■ INFORMATION GIVEN ■
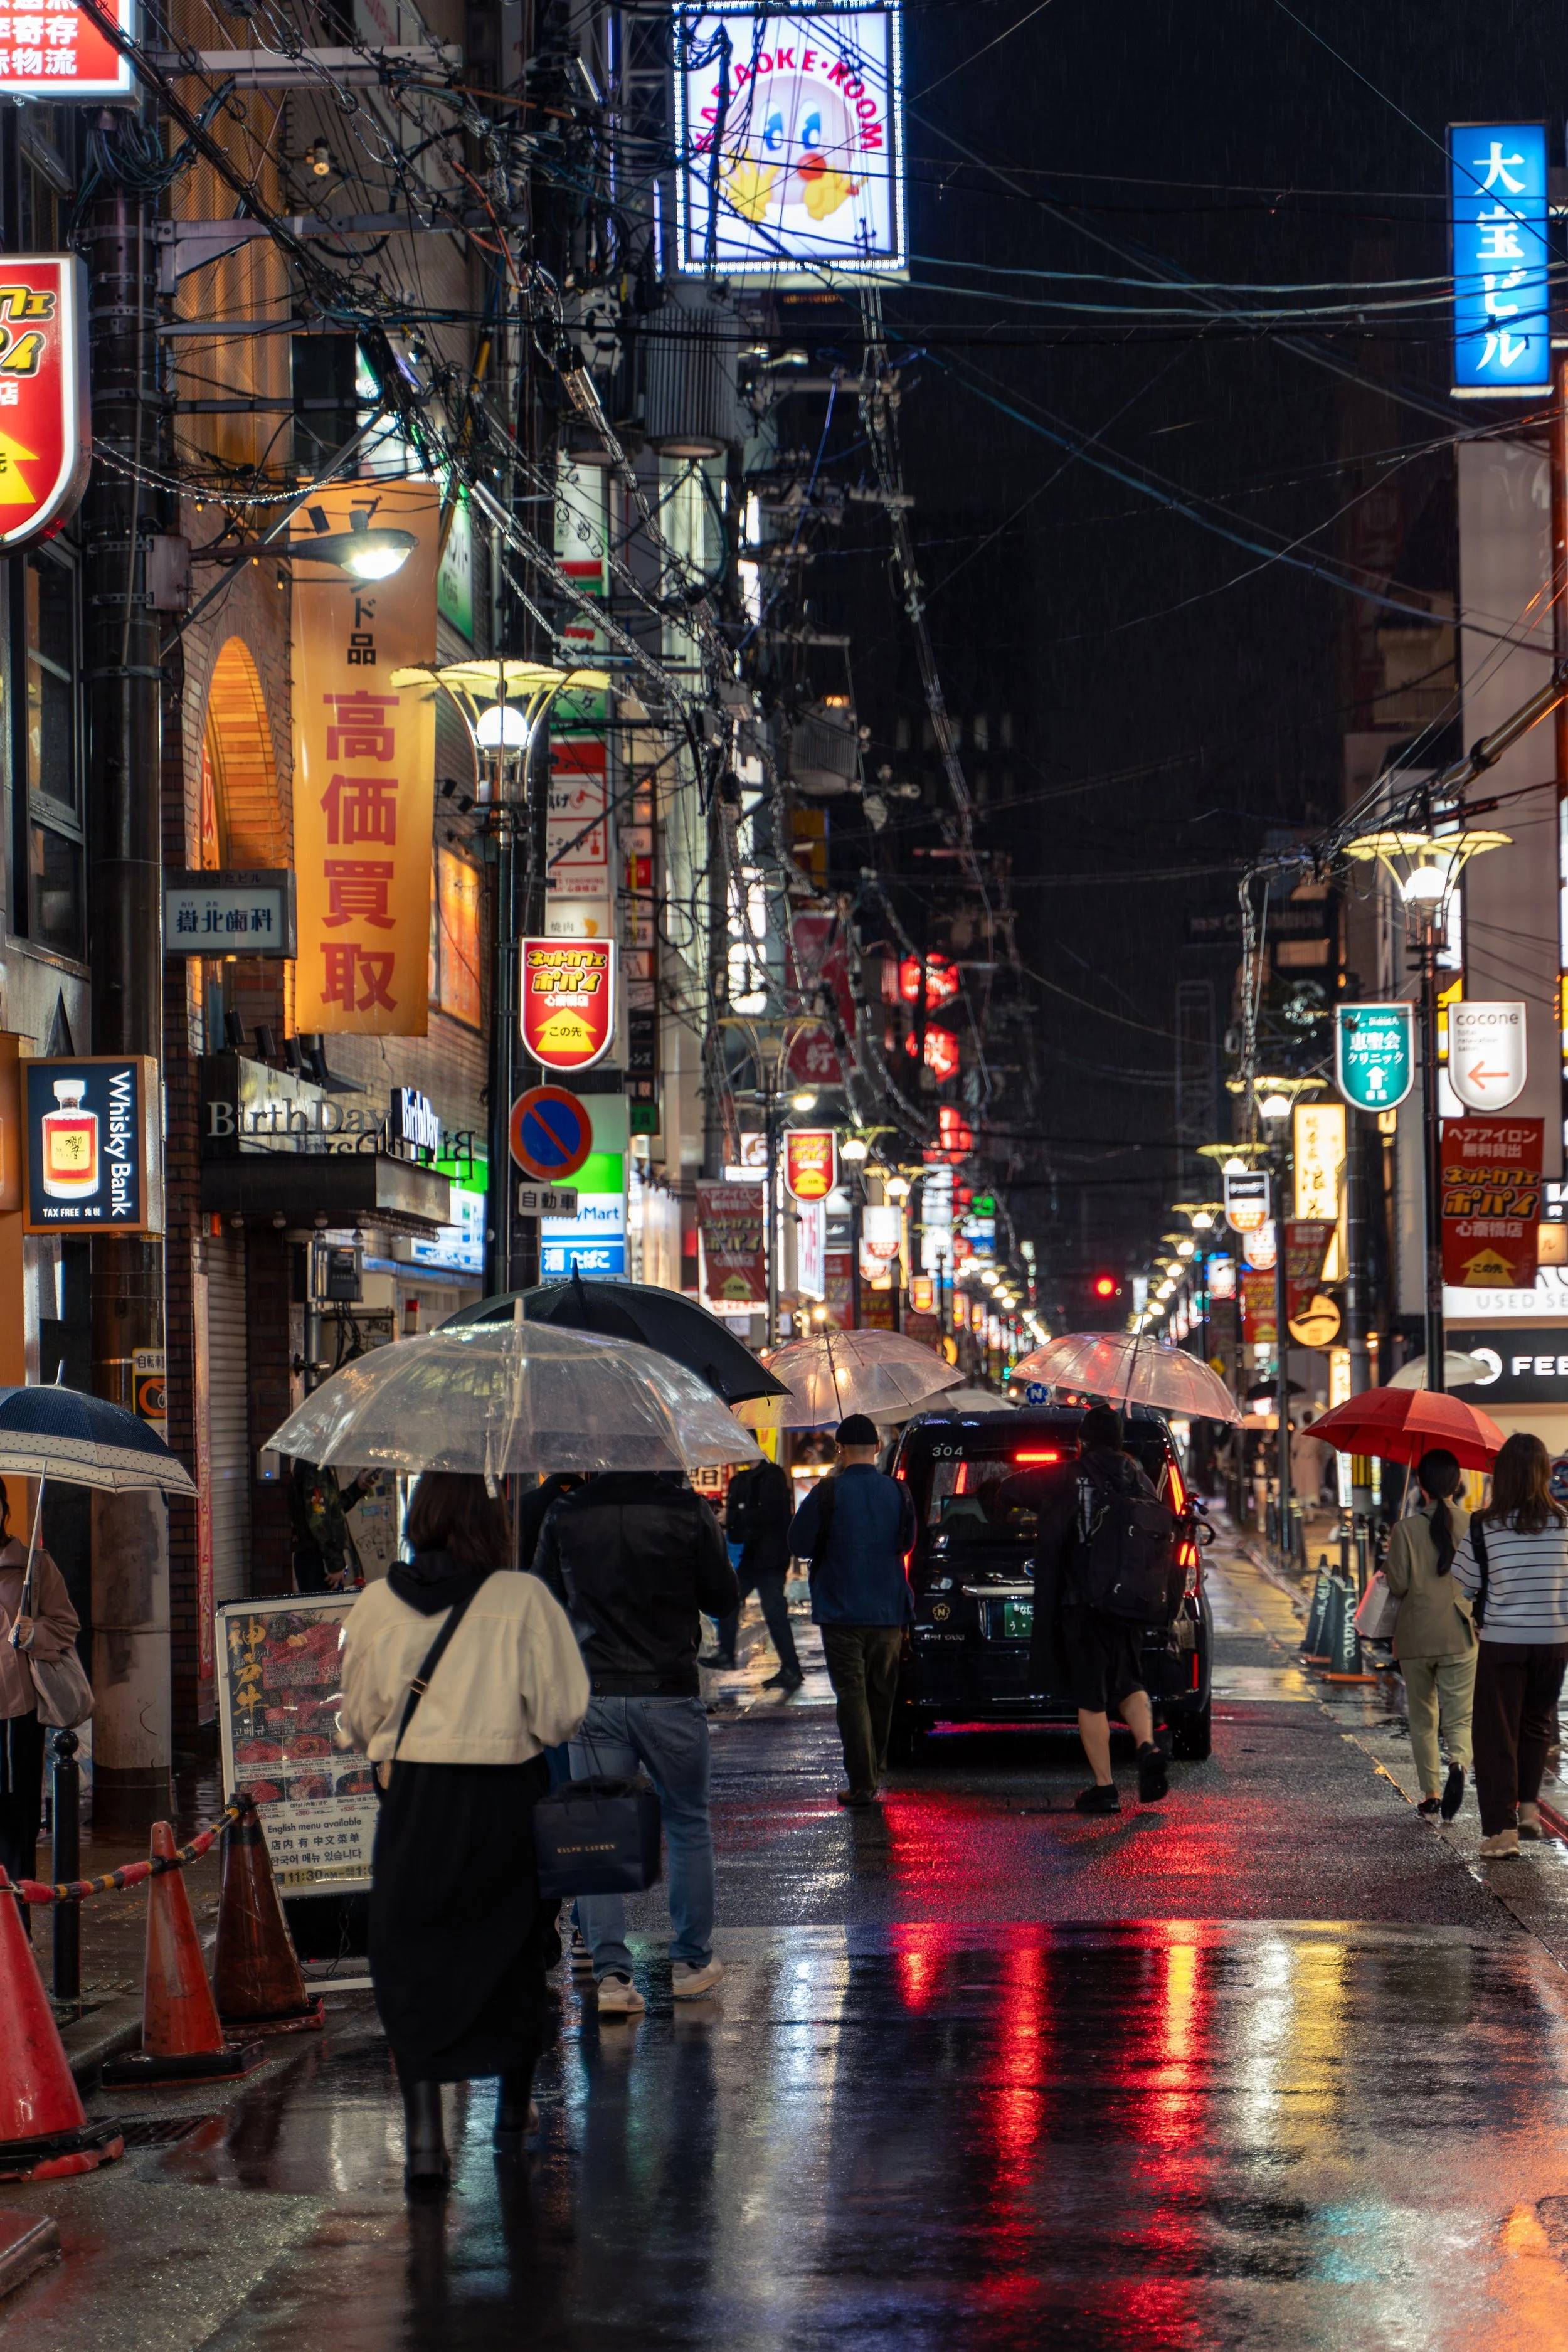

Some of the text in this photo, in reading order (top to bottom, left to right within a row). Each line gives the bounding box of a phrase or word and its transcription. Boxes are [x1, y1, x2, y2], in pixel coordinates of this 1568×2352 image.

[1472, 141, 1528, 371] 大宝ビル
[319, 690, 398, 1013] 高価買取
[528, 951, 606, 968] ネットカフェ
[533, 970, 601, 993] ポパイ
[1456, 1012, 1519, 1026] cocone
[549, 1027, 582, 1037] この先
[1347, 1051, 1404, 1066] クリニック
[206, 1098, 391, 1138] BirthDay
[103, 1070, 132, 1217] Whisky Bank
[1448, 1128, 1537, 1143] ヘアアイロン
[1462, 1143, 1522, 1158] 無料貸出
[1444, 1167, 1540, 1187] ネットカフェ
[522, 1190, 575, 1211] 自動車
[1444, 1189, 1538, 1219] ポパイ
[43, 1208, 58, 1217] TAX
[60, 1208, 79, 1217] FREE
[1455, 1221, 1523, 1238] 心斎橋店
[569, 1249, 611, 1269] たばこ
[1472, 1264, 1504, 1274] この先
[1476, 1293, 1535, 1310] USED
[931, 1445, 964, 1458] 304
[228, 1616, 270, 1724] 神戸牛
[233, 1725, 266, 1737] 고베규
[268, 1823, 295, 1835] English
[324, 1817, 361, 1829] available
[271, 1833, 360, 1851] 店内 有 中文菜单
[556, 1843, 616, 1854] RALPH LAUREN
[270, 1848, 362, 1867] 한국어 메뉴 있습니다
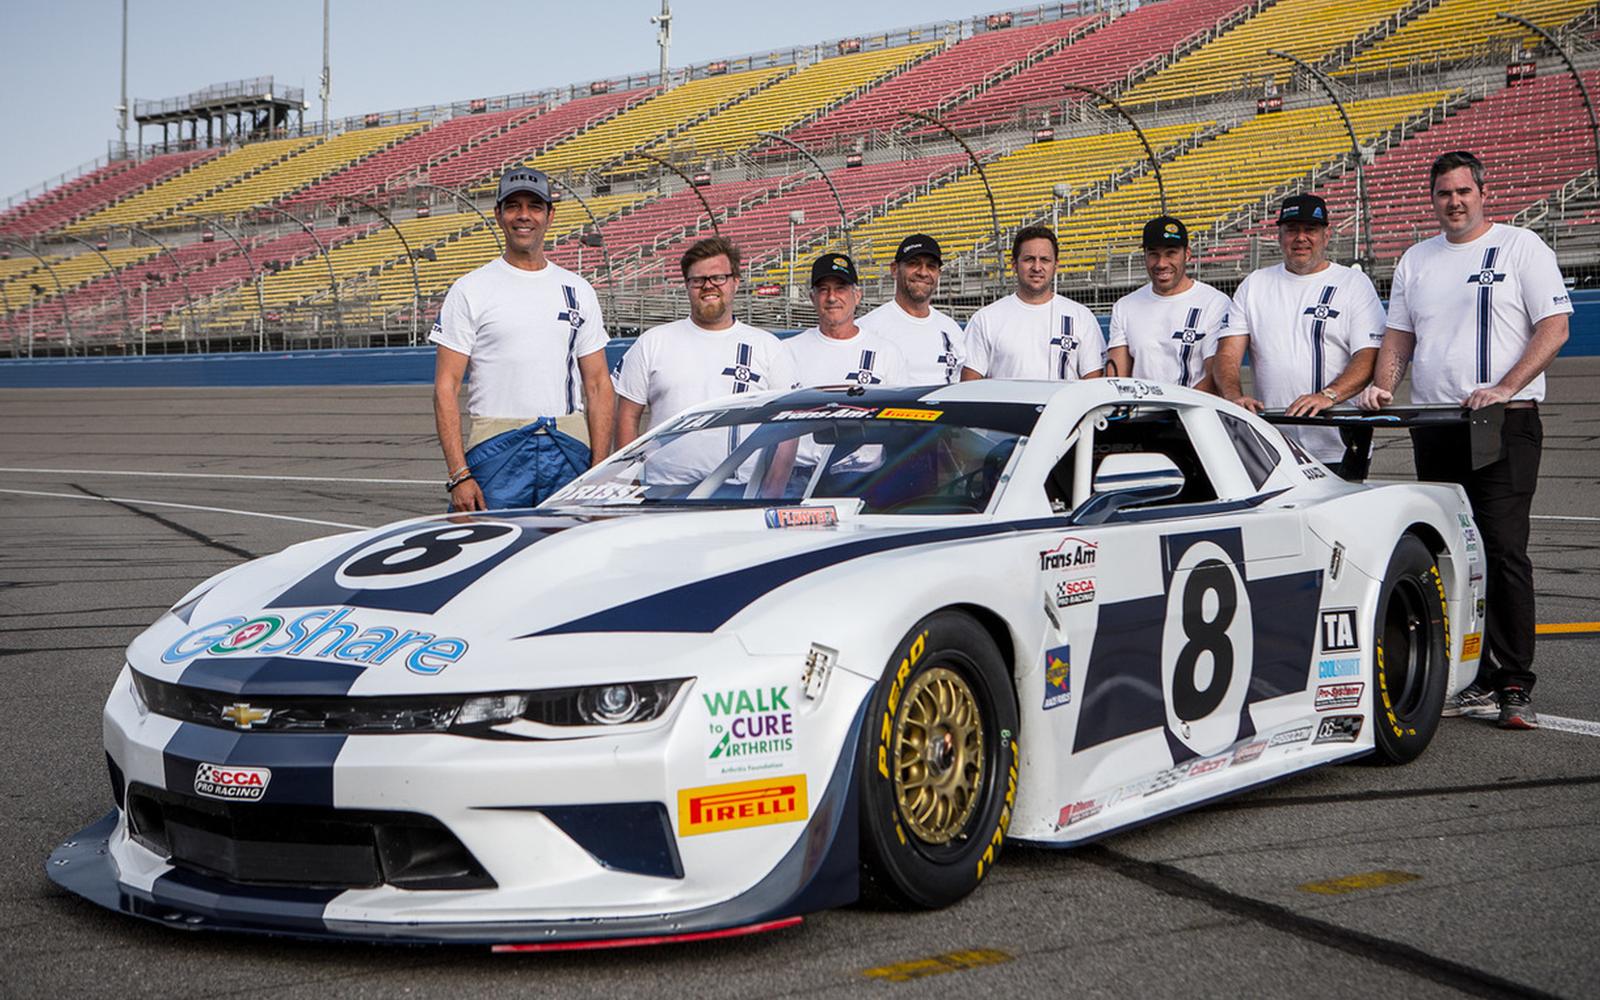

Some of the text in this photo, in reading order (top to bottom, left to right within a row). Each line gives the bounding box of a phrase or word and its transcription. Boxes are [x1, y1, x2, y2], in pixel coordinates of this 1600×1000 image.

■ WHAT IS EXPECTED ■
Only the text is to be copied: please reproduce the records exactly and drop the pictures.

■ ANSWER TO THE PROBLEM ■
Some of the text in this photo, in reading order (top to bottom, left to right within a row). Each line gives the bounding box of a phrase or word and its transcription. Boxes are [x1, y1, x2, y2], in pixel coordinates of this 1568×2352 image.

[1472, 141, 1528, 371] 大宝ビル
[319, 690, 398, 1013] 高価買取
[528, 951, 606, 968] ネットカフェ
[533, 970, 601, 993] ポパイ
[1456, 1012, 1519, 1026] cocone
[549, 1027, 582, 1037] この先
[1347, 1051, 1404, 1066] クリニック
[206, 1098, 391, 1138] BirthDay
[103, 1070, 132, 1217] Whisky Bank
[1448, 1128, 1537, 1143] ヘアアイロン
[1462, 1143, 1522, 1158] 無料貸出
[1444, 1167, 1540, 1187] ネットカフェ
[522, 1190, 575, 1211] 自動車
[1444, 1189, 1538, 1219] ポパイ
[43, 1208, 58, 1217] TAX
[60, 1208, 79, 1217] FREE
[1455, 1221, 1523, 1238] 心斎橋店
[569, 1249, 611, 1269] たばこ
[1472, 1264, 1504, 1274] この先
[1476, 1293, 1535, 1310] USED
[931, 1445, 964, 1458] 304
[228, 1616, 270, 1724] 神戸牛
[233, 1725, 266, 1737] 고베규
[268, 1823, 295, 1835] English
[324, 1817, 361, 1829] available
[271, 1833, 360, 1851] 店内 有 中文菜单
[556, 1843, 616, 1854] RALPH LAUREN
[270, 1848, 362, 1867] 한국어 메뉴 있습니다

Some of the text in this photo, in reading order (top to bottom, left to right within a row). Each line gives the bounding box of a phrase or word and its transcription. Boxes are [x1, y1, x2, y2], in pixel coordinates of this 1600×1000 image.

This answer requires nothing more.